Vários motivos levam as pessoas a começarem a meditar, e nem sempre são os mais apropriados. Um desses motivos é o de, por meio da meditação, obter experiências agradáveis. Isso está ligado à ideia generalizada de que o objetivo da vida é desfrutar de felicidade e de prazer. A partir disso, muitos pensam continuamente sobre como poderão aumentar seu conforto e seu deleite. Dentro da área que é mais fácil para cada um, segundo suas circunstâncias, condições de prazer serão buscadas. Pessoas mais auditivas se cercarão de músicas e cantos; as mais visuais procurarão quadros, natureza, etc. É natural, então, que muitos venham à meditação como uma forma de obterem prazer em tal atividade. Afinal, não é assim com todo o resto? E o problema com isso é que ao menor sinal de desconforto, físico ou mental, elas abandonam o treinamento meditativo. Milhares de pessoas começam na meditação, mas é pequena a porcentagem daquelas que continuam.

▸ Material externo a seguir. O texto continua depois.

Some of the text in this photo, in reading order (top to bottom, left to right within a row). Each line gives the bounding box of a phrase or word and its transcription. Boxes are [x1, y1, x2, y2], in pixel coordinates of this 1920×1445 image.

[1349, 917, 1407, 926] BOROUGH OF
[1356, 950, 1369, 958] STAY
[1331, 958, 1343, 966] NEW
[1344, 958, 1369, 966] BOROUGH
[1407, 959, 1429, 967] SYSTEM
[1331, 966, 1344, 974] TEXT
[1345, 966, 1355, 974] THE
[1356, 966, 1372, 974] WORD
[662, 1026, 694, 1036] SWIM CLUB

Há um motivo para se chamar a meditação de ‘treinamento’. Nem todos os seus momentos serão de prazer ou conforto. Se estou sentando mais tempo, agora há menos dores, minha mente está mais tranquila, então, continuo a meditar. Mas se começo a entrar em contato com conteúdos subconscientes difíceis, dores começam a aparecer, encontro resistência, ansiedade ou tédio, então me afasto da prática meditativa. Tal comportamento vem da ilusão de que o caminho sempre segue para ter mais prazer. O treinamento meditativo, no entanto, é cheio de curvas, de altos e baixos. Nem a mente nem o corpo funcionam linearmente e sempre de maneira ascendente.

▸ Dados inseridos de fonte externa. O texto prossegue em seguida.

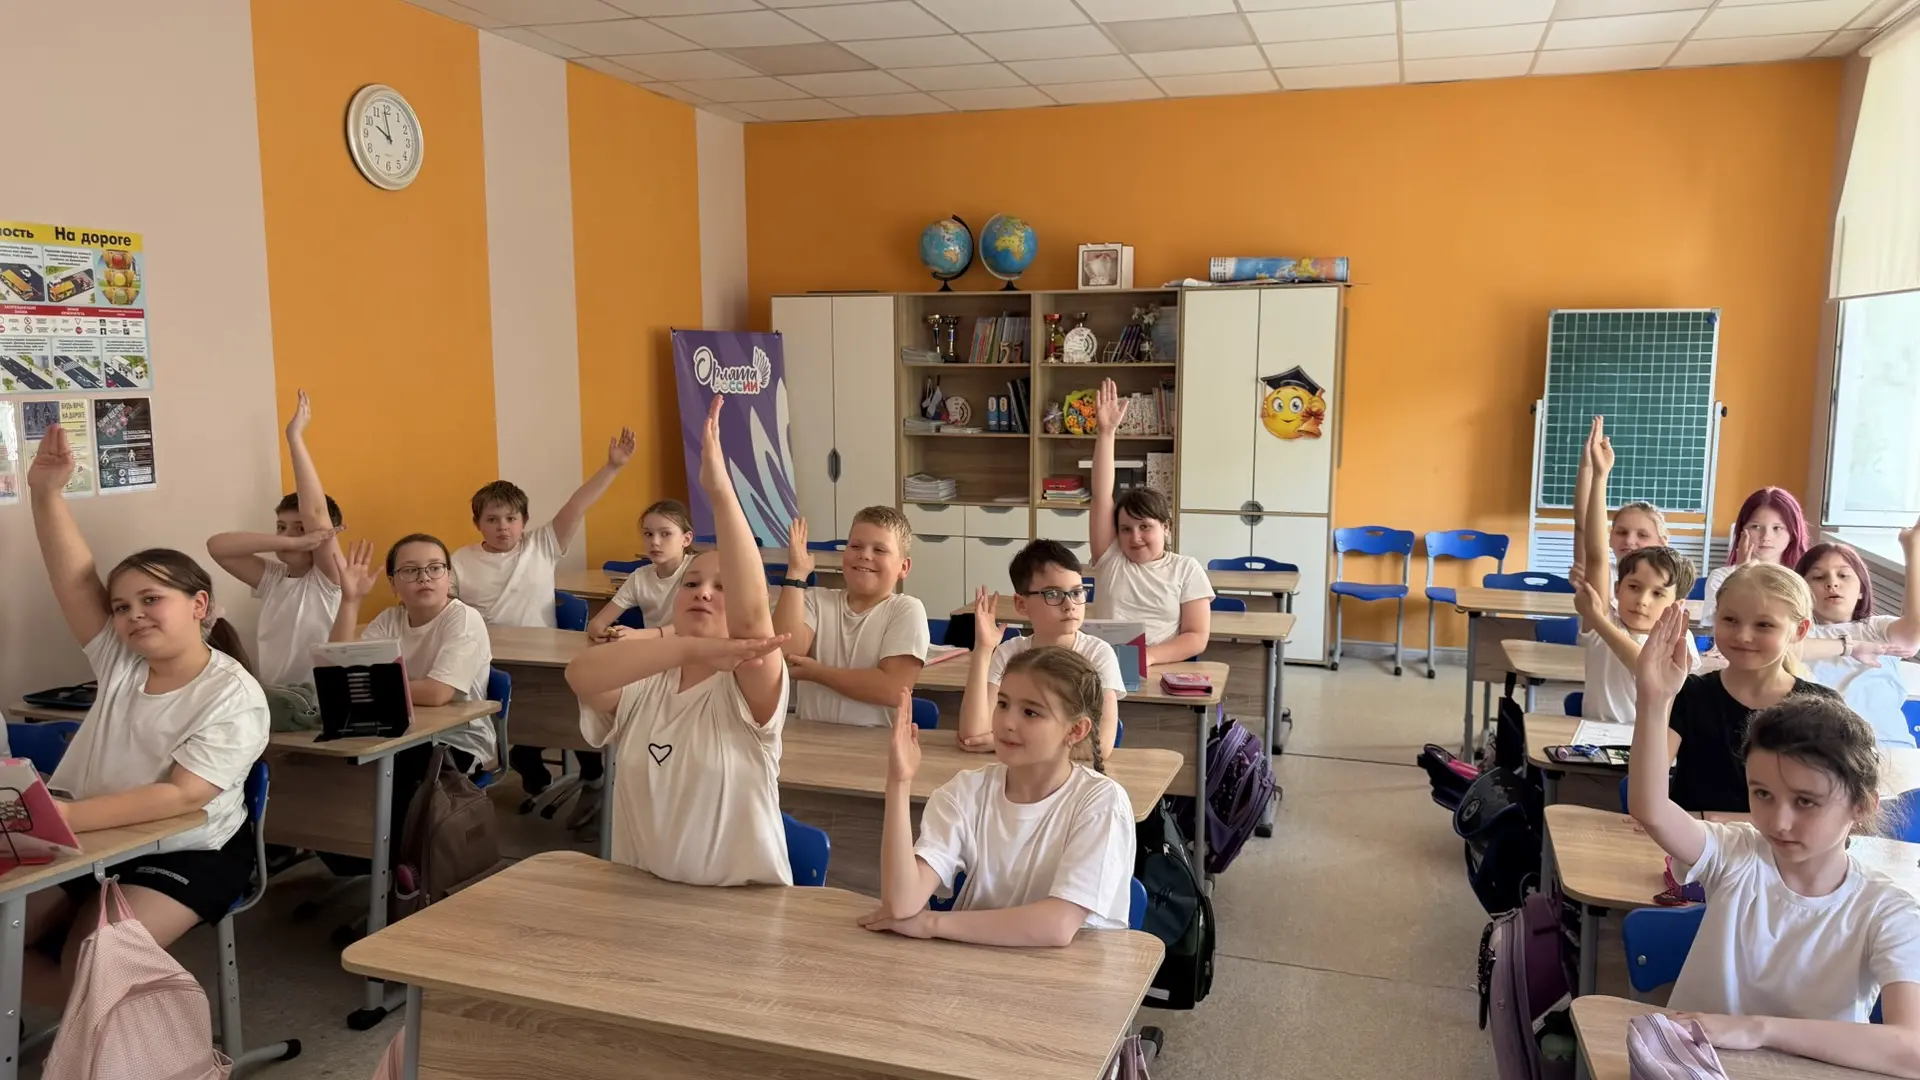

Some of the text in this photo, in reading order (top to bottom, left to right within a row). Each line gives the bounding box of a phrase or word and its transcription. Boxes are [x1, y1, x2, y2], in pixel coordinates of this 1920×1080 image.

[0, 226, 132, 247] ость На дороге
[695, 346, 759, 391] Орлята
[715, 380, 759, 392] РОССИИ
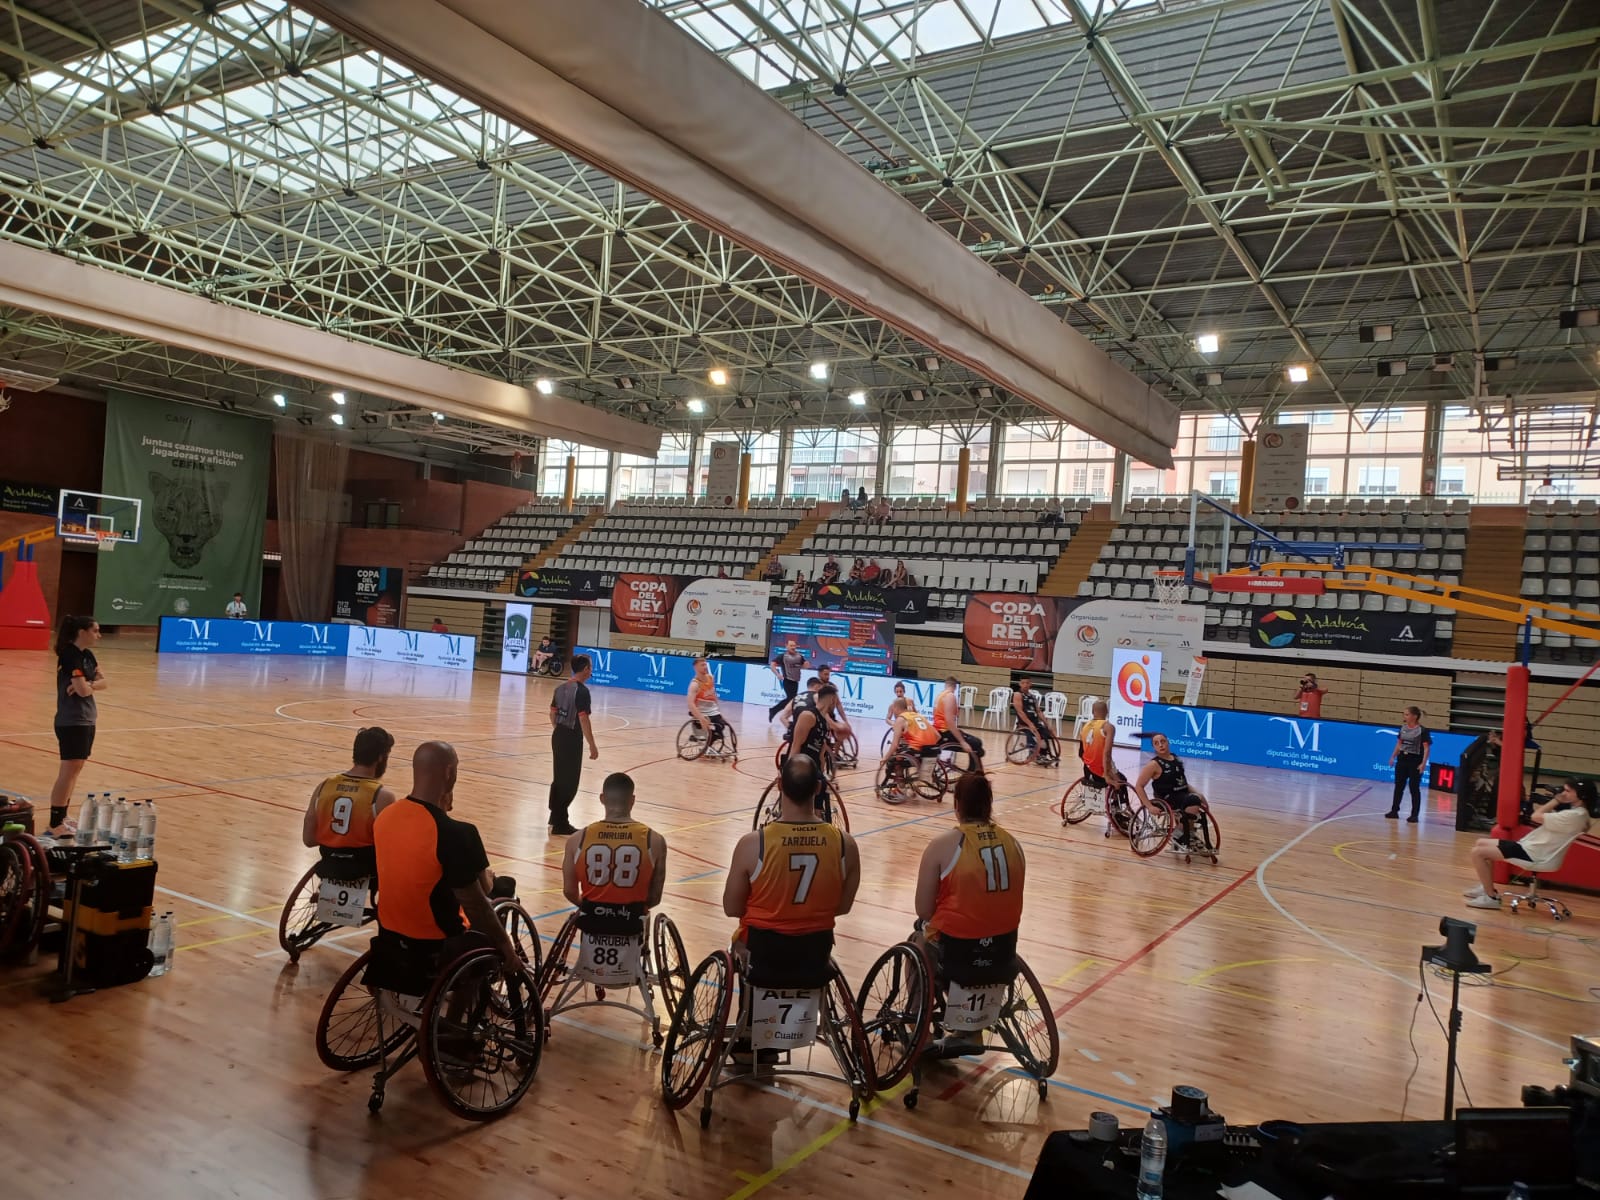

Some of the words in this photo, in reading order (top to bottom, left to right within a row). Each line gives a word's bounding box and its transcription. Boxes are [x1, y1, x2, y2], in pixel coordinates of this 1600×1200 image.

Quando se fala da meditação como aumentando a consciência, isso não significa progressivamente ir entrando em algum tipo de união com energias cósmicas, mas sim do tornar-se mais e mais consciente, inclusive dos altos e baixos, das viradas para direita e esquerda, e aprender a lidar com isso de maneira sábia. A menos que alguém seja um santo, suas experiências não serão todas de santidade e beatitude. Pelo contrário, o curso do processo meditativo poderá ser de eventuais enfrentamentos com fantasmas, vícios, apegos arraigados, aversões, pensamentos obsessivos. Tudo isso será lidado com a técnica meditativa e seus refinamentos, se você tiver uma técnica e um instrutor competente, é claro. Ao longo do treinamento será percebido que felicidade genuína é bem diferente de experiências agradáveis, e que é possível ser feliz mesmo em meio a dores e desconfortos.

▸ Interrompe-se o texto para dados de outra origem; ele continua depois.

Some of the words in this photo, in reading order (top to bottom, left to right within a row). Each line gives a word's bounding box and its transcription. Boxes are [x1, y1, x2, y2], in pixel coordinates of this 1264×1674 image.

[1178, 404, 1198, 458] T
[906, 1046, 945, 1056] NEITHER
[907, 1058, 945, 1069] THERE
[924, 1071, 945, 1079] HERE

Buscar o prazer em tudo, ademais, leva o novato a acreditar que a meditação é uma técnica que em si levará a todos os benefícios apregoados nos manuais mais populares de meditação. Elas ignoram que meditação considerada meramente como ‘técnica’ tem benefícios limitados, e deve estar inserida num contexto de estudo, reflexão ética e sabedoria. Não basta ‘apenas sentar’. É preciso refletir como nosso comportamento corporal e verbal se ajusta àqueles princípios corporificados na meditação. Igualmente o estudo mais amplo da mente, seus estados e características, e como exatamente as técnicas meditativas operam em sua transformação, sempre foi considerado fundamental na eficácia da meditação.

Outro motivo não muito apropriado para começar a meditar é melhorar o próprio orçamento. Existe uma ‘cultura’ aqui no Ocidente contemporâneo de fazer cursos e tão logo se os complete, se julgar competente para ensinar os outros aquilo que acabou de aprender. Isso não é uma ocorrência rara. Pelo contrário, frequentemente encontramos o que poderíamos chamar de ‘coletores de cursos’, ávidos por buscarem vários cursos ‘de formação’ ou não, para logo começarem a ensinar e viver disso. Ao coletor de cursos para melhorar o orçamento se junta igualmente o coletor de cursos para melhorar o currículo. Aí vemos pessoas com obviamente muito poucos anos nas costas já com uma lista de especializações num sem número de meditações, técnicas e maestrias. Ora, qualquer técnica séria leva anos para se obter um conhecimento genuíno e mais outro tanto para ser capaz de transmitir com propriedade. Isso para não falar naqueles que nem precisam fazer muitos pequenos cursos para serem especialistas. Conheci um que foi para a Índia, fez 1 (um) curso de meditação de dez dias e voltou ao Brasil para fundar seu centro budista e se denominar de ‘mestre’. Sim, tem isso por aí.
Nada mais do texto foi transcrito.